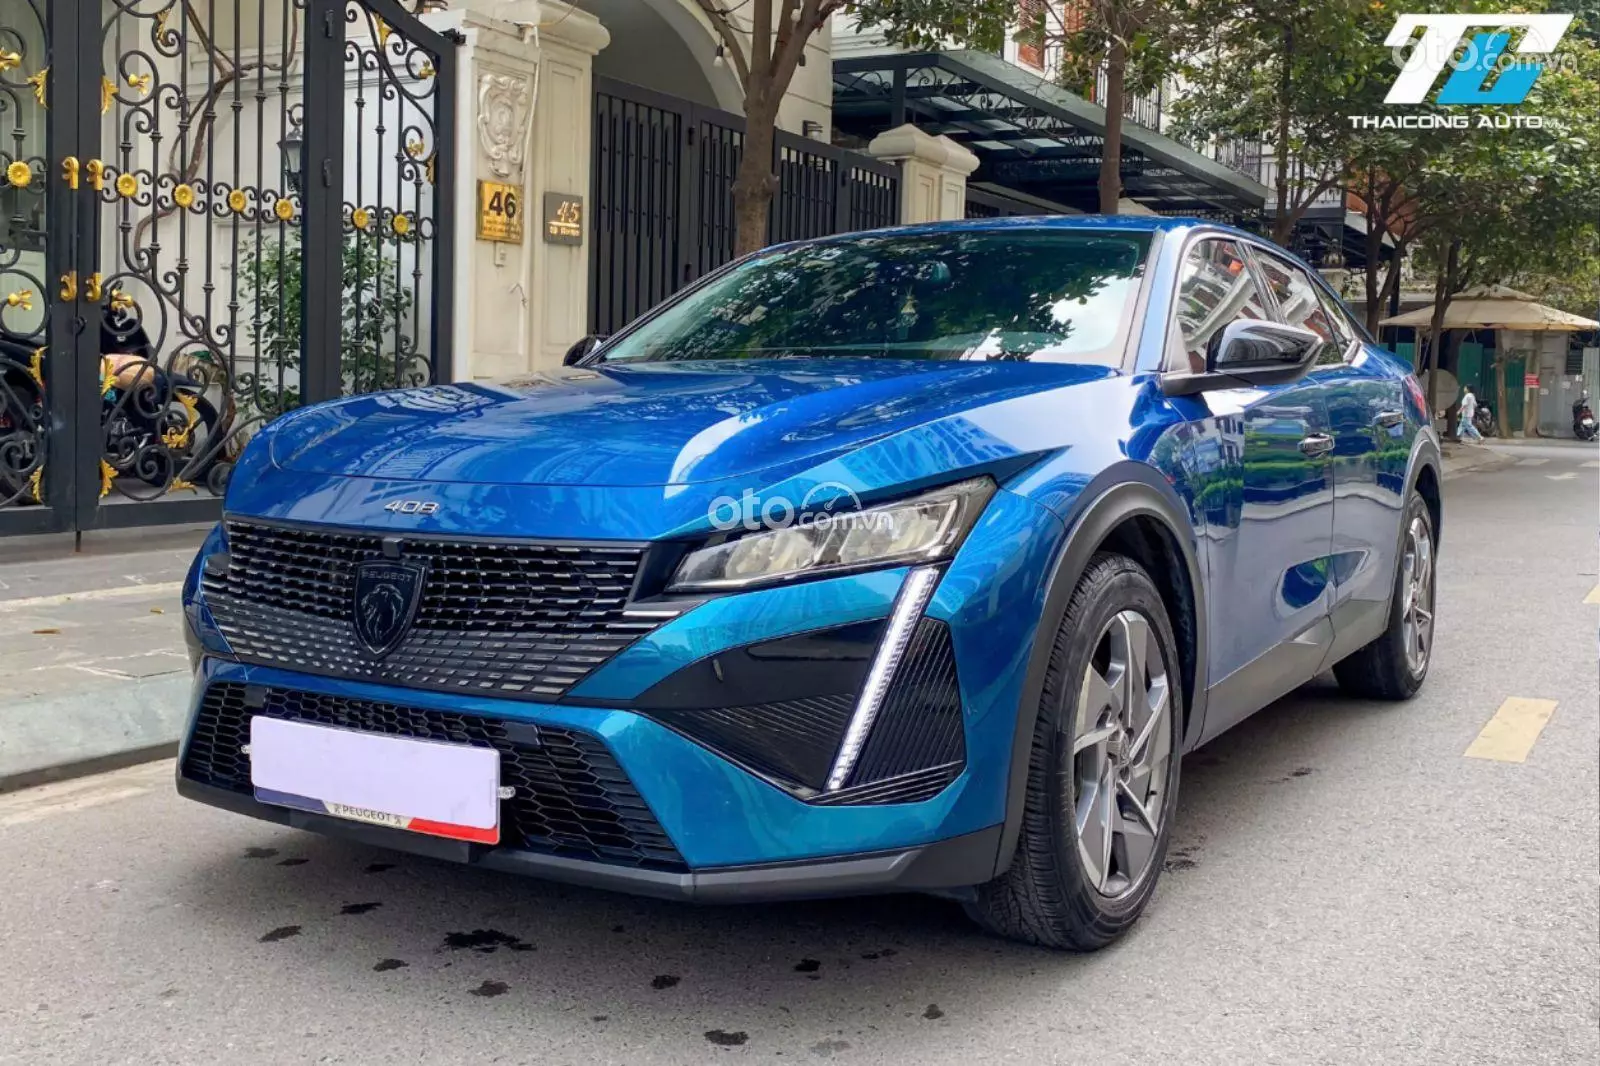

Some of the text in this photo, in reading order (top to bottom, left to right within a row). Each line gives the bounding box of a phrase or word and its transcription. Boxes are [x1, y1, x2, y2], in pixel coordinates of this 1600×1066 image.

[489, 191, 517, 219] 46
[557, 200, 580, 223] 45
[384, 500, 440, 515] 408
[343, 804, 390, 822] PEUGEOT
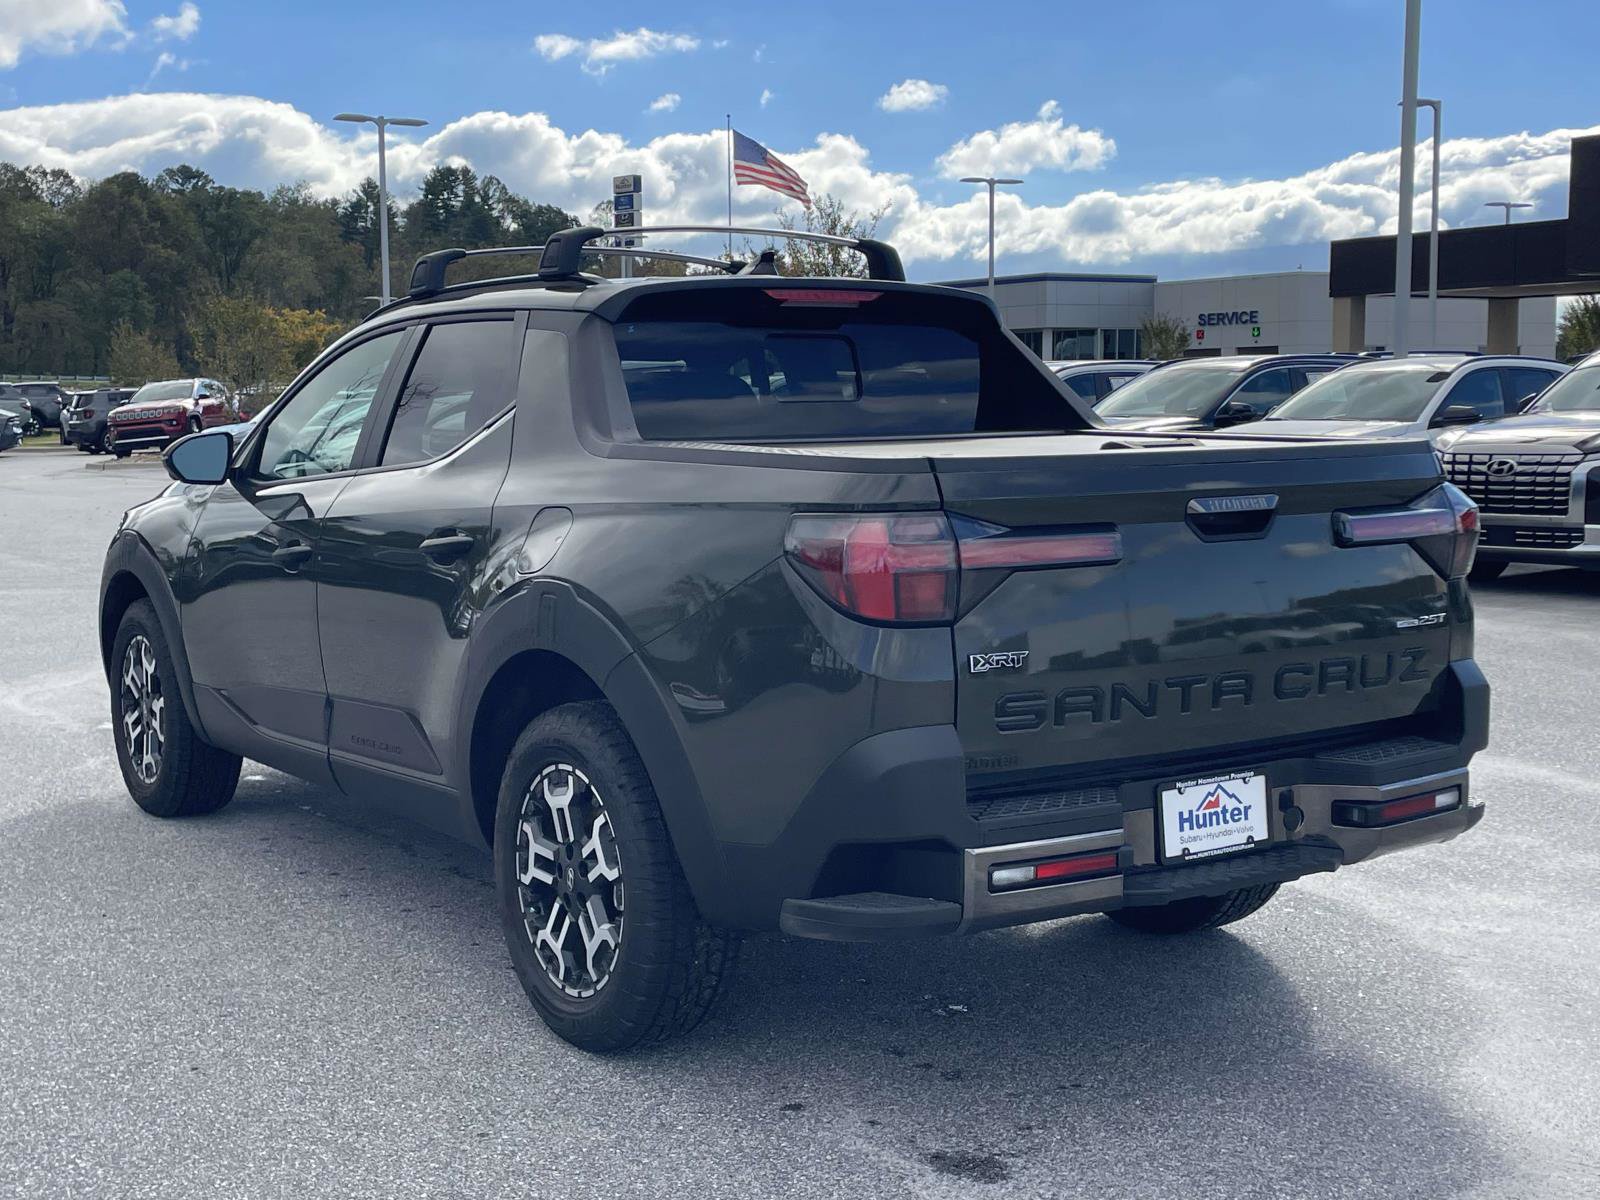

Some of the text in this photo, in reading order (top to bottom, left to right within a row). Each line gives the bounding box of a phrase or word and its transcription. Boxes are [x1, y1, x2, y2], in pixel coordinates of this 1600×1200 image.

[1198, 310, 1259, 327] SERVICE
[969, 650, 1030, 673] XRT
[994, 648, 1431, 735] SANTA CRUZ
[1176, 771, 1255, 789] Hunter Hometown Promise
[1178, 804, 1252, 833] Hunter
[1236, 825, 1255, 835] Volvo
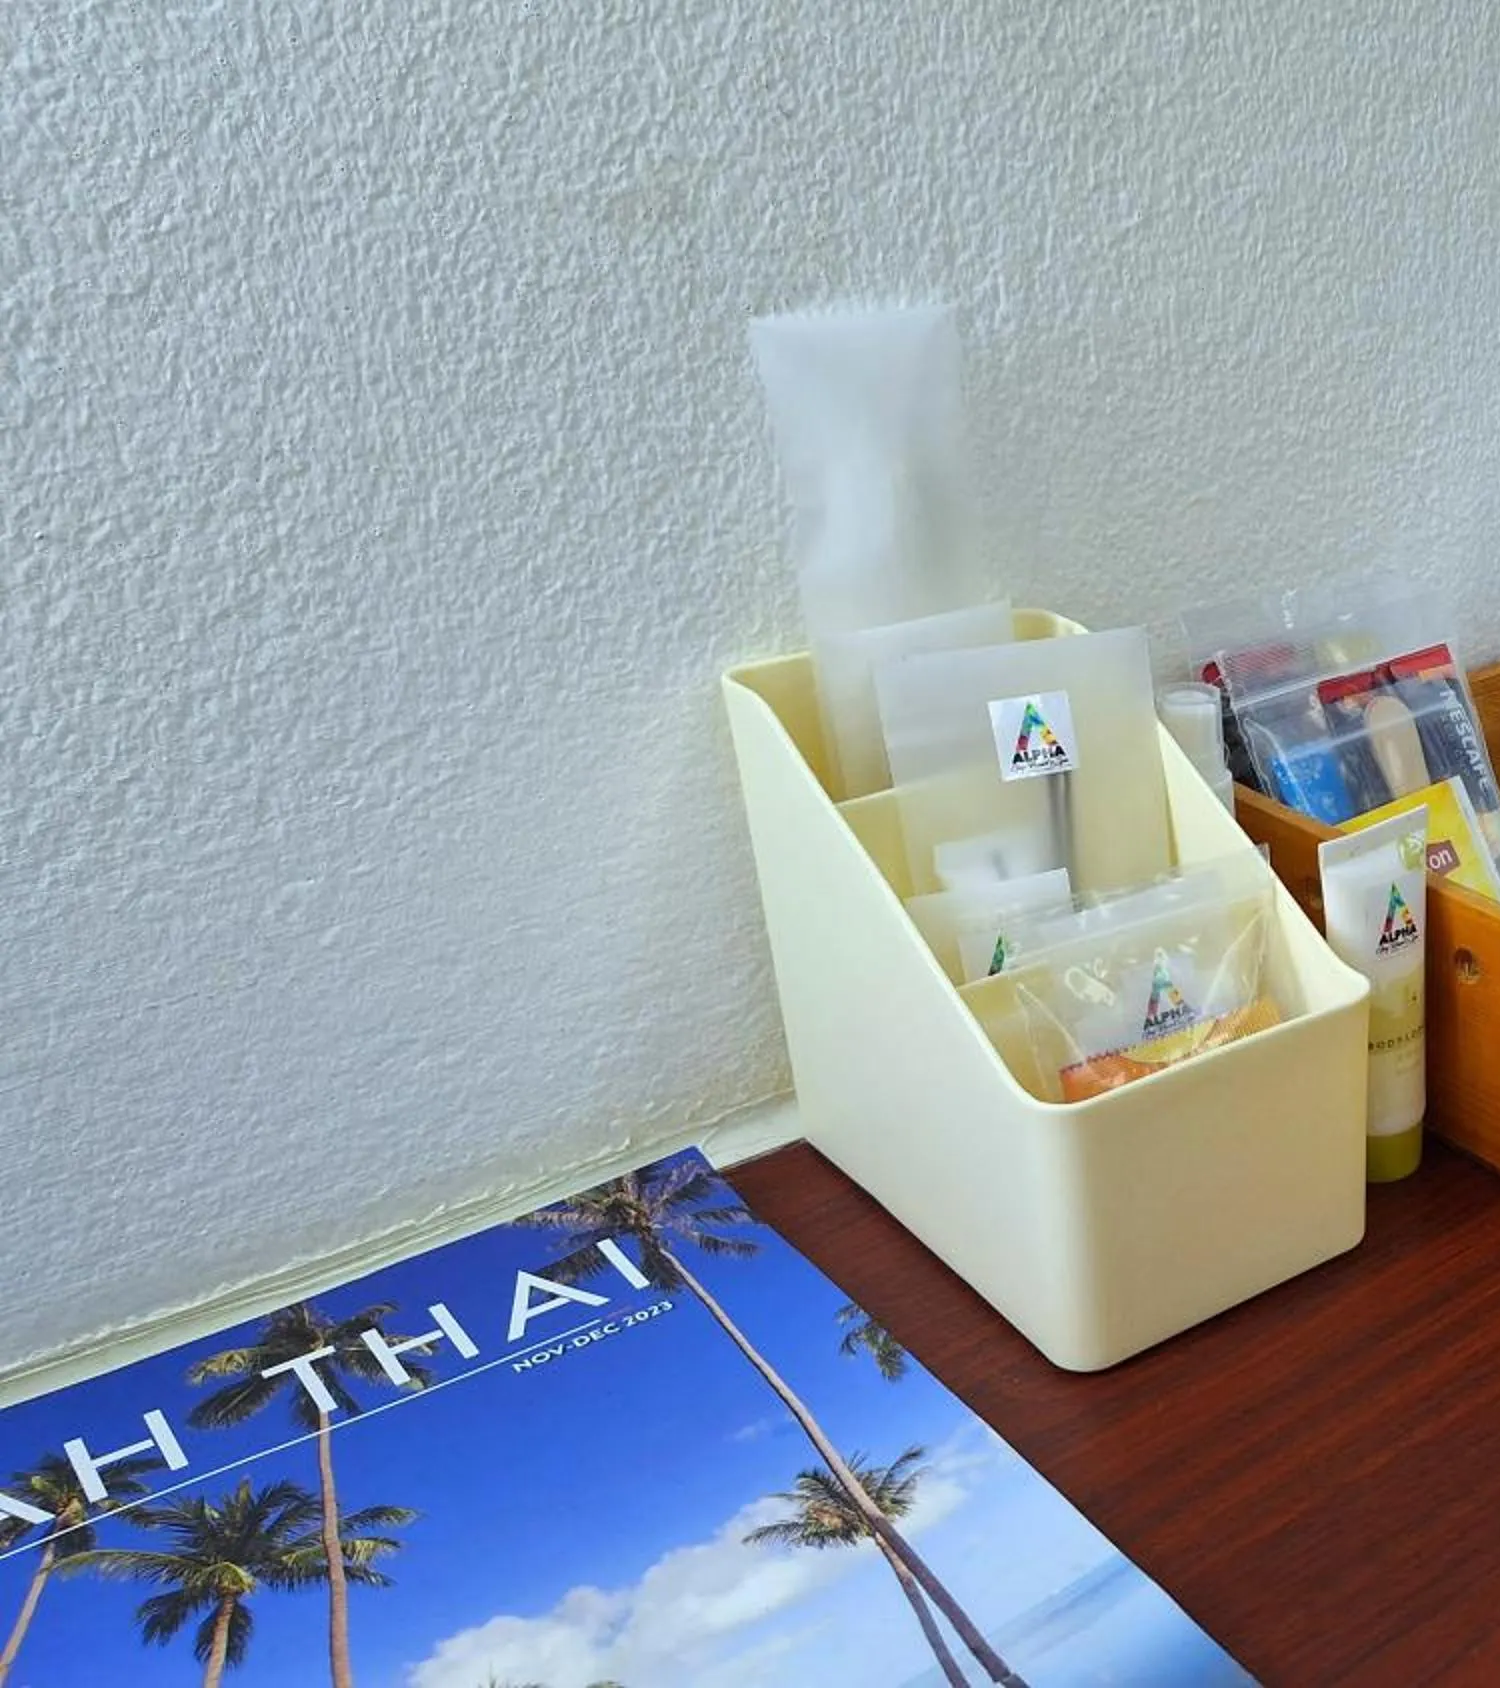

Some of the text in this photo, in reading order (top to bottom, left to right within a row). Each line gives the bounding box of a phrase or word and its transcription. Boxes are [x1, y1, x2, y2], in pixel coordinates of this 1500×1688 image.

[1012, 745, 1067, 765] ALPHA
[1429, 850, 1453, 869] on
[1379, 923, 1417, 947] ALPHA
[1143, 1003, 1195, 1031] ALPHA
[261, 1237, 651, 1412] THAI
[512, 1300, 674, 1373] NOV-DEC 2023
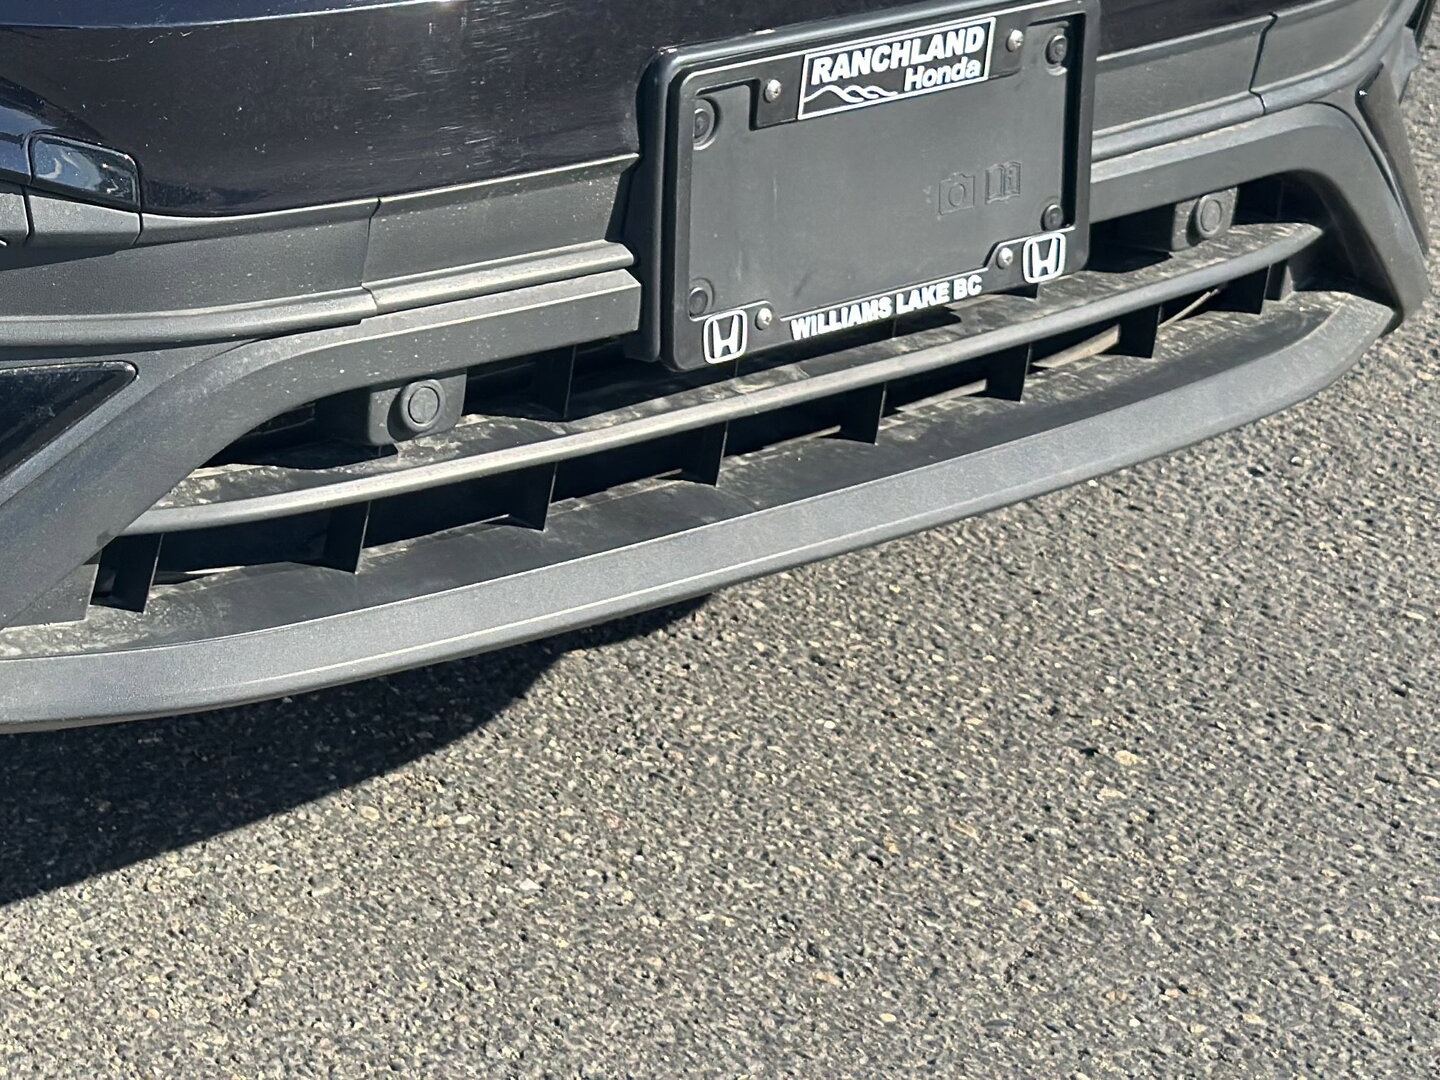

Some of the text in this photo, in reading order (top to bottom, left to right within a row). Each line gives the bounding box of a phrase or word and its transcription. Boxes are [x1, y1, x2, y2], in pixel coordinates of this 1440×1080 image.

***

| Problem requirements |
The whole listing above needs to be copied exactly; please keep the pictures out.

| Written reply |
Some of the text in this photo, in reading order (top to bottom, left to right within a row). Each line gives the bounding box of a phrase or word and its transcription. Boxes are [x1, y1, x2, y2], in pixel coordinates of this 1600×1066 image.

[489, 191, 517, 219] 46
[557, 200, 580, 223] 45
[384, 500, 440, 515] 408
[343, 804, 390, 822] PEUGEOT

Some of the text in this photo, in reading order (top to bottom, left to right within a row). Each line gives the bounding box of a phrase or word and its transcription. Boxes are [x1, y1, x2, y2], in pixel coordinates of this 1600×1200 image.

[1198, 310, 1259, 327] SERVICE
[969, 650, 1030, 673] XRT
[994, 648, 1431, 735] SANTA CRUZ
[1176, 771, 1255, 789] Hunter Hometown Promise
[1178, 804, 1252, 833] Hunter
[1236, 825, 1255, 835] Volvo

Some of the text in this photo, in reading order (top to bottom, left to right within a row). Each line gives the bounding box of a phrase or word and its transcription. Boxes are [x1, y1, x2, y2], in pixel coordinates of this 1500×1688 image.

[1012, 745, 1067, 765] ALPHA
[1429, 850, 1453, 869] on
[1379, 923, 1417, 947] ALPHA
[1143, 1003, 1195, 1031] ALPHA
[261, 1237, 651, 1412] THAI
[512, 1300, 674, 1373] NOV-DEC 2023

Some of the text in this photo, in reading order (top to bottom, left to right within a row). Each line gives the bounding box of a phrase or word and its transcription. Boxes are [x1, y1, x2, y2], in pixel coordinates of this 1440×1080 image.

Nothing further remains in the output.